Okay, the Hornets were 22-30 coming in, but you don’t underestimate an actual playoff team, and Charlotte was eighth in the East. The Thunder, lest we forget, were 29-25, but eighth in the West. So it might have been useful to anticipate, not the blowout some might have expected, but a Memphis-y sort of grind, especially with Steven Adams and Kevin Durant sidelined. And that’s what it was through 42 minutes and 94-94 on the scoreboard, before the Thunder defense stiffened; with 2:00 left, it was OKC by nine, and when the horn sounded, it was OKC by seven, 110-103.

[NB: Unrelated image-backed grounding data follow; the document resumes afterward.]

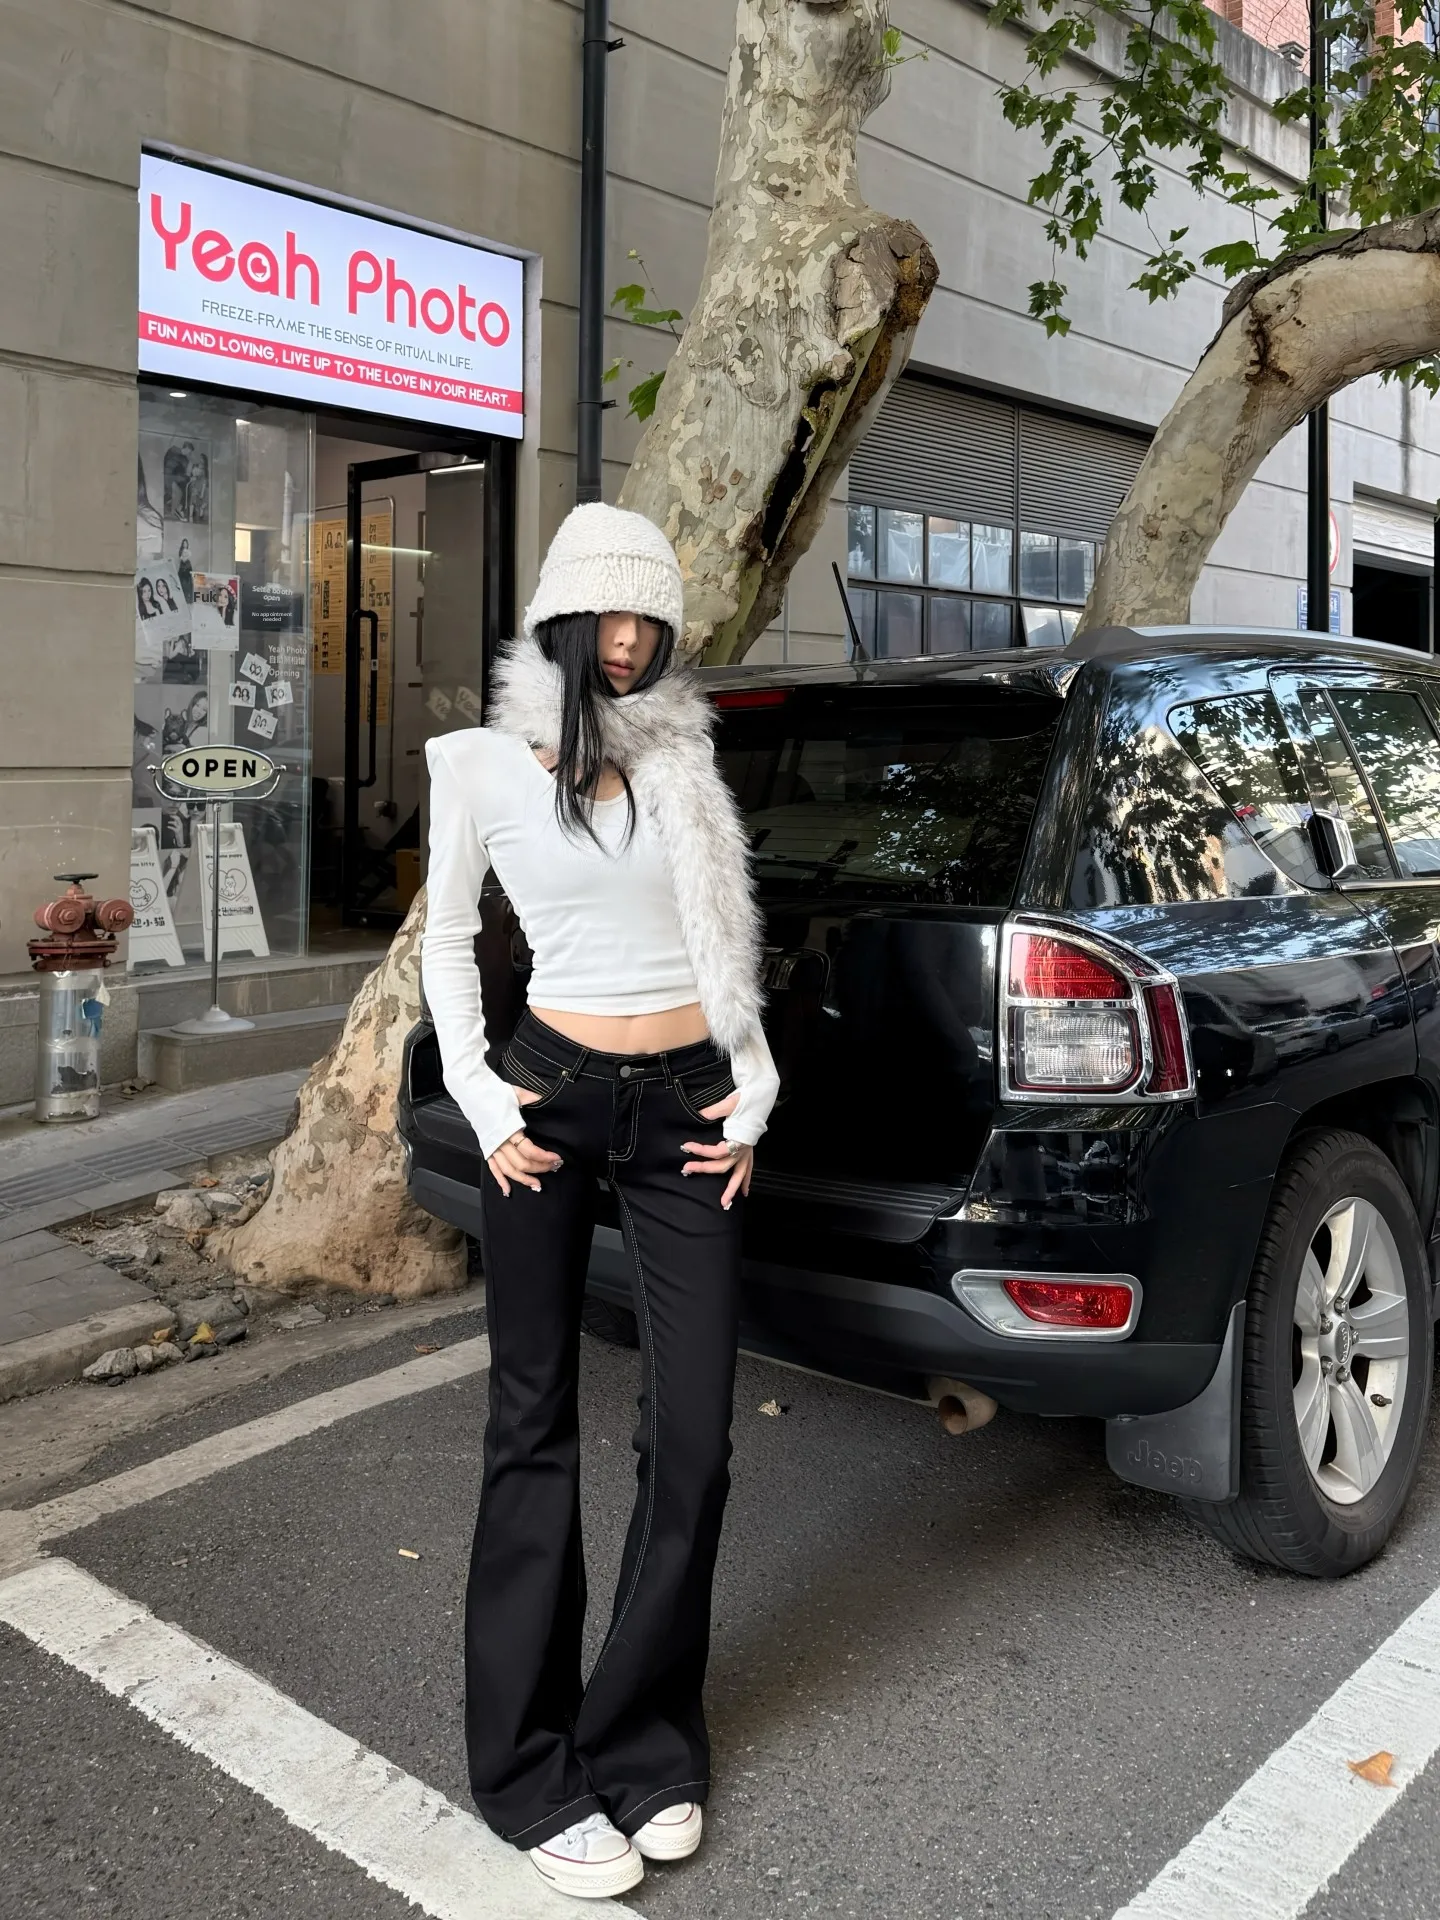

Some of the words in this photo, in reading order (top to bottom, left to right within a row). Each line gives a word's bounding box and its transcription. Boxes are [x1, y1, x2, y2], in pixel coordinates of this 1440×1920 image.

[150, 193, 320, 306] Yeah
[348, 250, 510, 347] Photo
[202, 299, 306, 335] FREEZE-FRAME
[308, 323, 332, 340] THE
[334, 329, 373, 349] SENSE
[375, 339, 392, 352] OF
[394, 342, 435, 362] RITUAL
[437, 351, 447, 365] IN
[449, 354, 473, 371] LIFE.
[147, 320, 177, 340] FUN
[181, 329, 215, 348] AND
[219, 336, 279, 363] LOVING,
[282, 349, 311, 368] LIVE
[313, 355, 331, 370] UP
[334, 360, 354, 376] TO
[357, 365, 382, 382] THE
[384, 370, 417, 389] LOVE
[420, 377, 432, 392] IN
[434, 381, 467, 399] YOUR
[469, 387, 512, 407] HEART.
[268, 645, 285, 653] Yeah
[286, 646, 307, 655] Photo
[268, 668, 300, 679] Opening
[181, 757, 257, 778] OPEN
[1127, 1438, 1204, 1485] Jeep

What you want to know, perhaps, is how the new guys did. First, the highlights. Enes Kanter, starting in the middle, collected a double-double: 10 points, 13 rebounds. (He also exhibited some Adamsesque free-throw shooting, going 2 for 6.) D. J. Augustin, backing up and sometimes playing alongside Russell Westbrook, picked up 12 points, two assists, and no turnovers. Less illuminated: Kyle Singler, starting at the four in place of KD, scored six points in 18 minutes. Steve Novak was DNP-CD. The old guys did their bits, with Serge Ibaka showing off a 16-12 and Westbrook being Westbrook with 33 points and ten assists. And Dion Waiters got 10 points the hard way, having to take 15 shots. (Shooting percentages were about even: OKC 44, 5-18 on treys; Charlotte 43, 7-24 on treys.)

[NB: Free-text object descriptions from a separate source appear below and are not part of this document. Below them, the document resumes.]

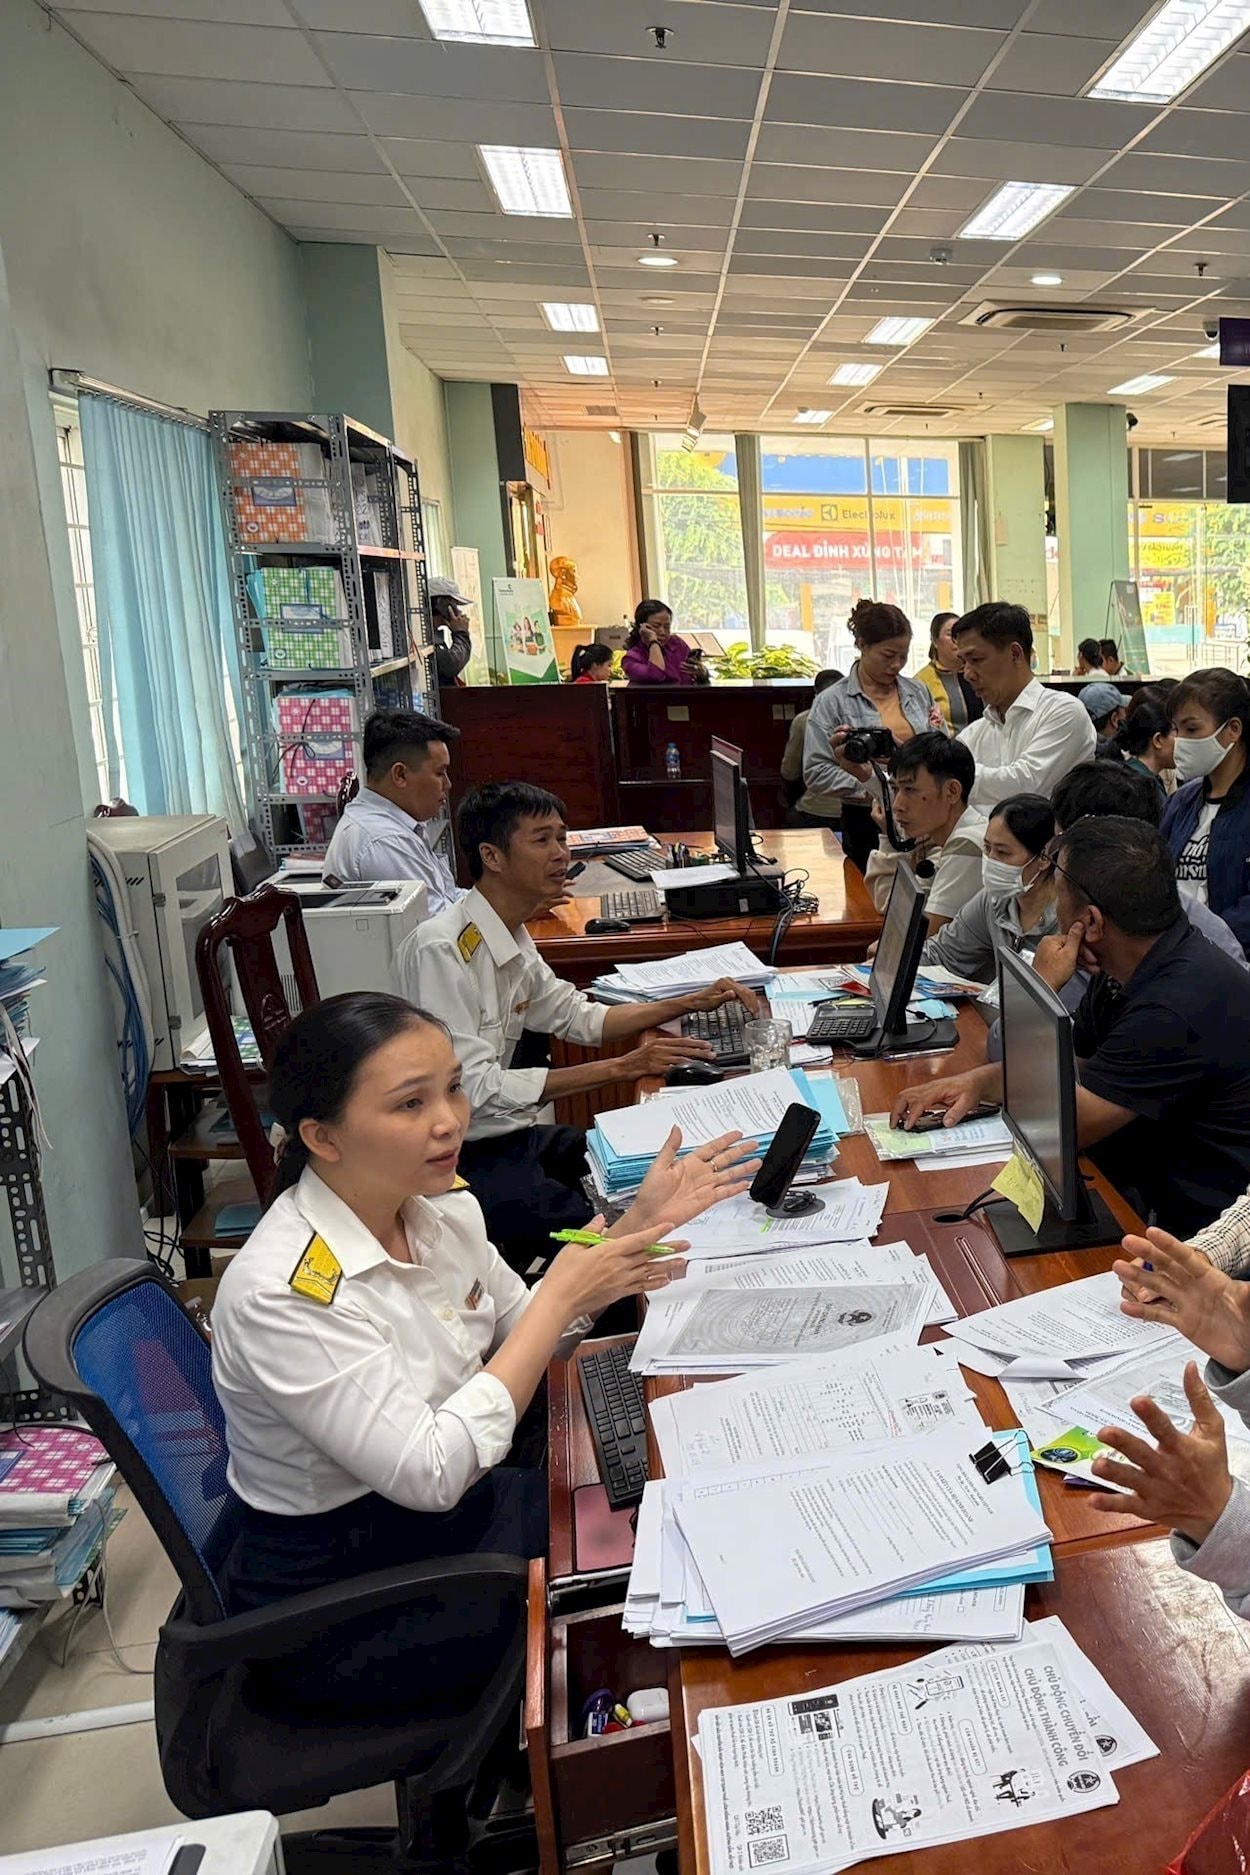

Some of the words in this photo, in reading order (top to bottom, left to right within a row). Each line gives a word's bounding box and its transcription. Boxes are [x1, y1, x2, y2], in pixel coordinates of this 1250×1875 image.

[773, 544, 810, 557] DEAL
[813, 539, 848, 557] ĐỈNH
[1024, 1668, 1042, 1686] CHỦ
[1044, 1665, 1061, 1683] CHỦ
[1030, 1686, 1047, 1712] ĐỘNG
[1050, 1684, 1068, 1709] ĐỘNG
[1040, 1712, 1059, 1742] THÀNH
[1060, 1709, 1086, 1743] CHUYỂN
[1051, 1742, 1068, 1767] CÔNG
[1073, 1744, 1094, 1761] ĐỔI

And the Hornets, too, had a new guy: Mo Williams, who stepped into the point with ease, knocking down 24 points and serving up 12 dimes. In the middle, stalwart Al Jefferson did Al Jefferson-like numbers, 20 points and 12 rebounds; Michael Kidd-Gilchrist, who’s evidently found his range, was 8-14 for 20 points. The Hornets delivered on more assists than the Thunder, 28-21, but were badly outrebounded, 59-41. And the idle Brooklyn Nets slid into eighth place in the West.
Tomorrow night, the Thunder are at home against the suddenly Afflalo-less Nuggets, and Tuesday the Pacers will be in town. After that, three games out West: Phoenix, Portland, and the Lakers.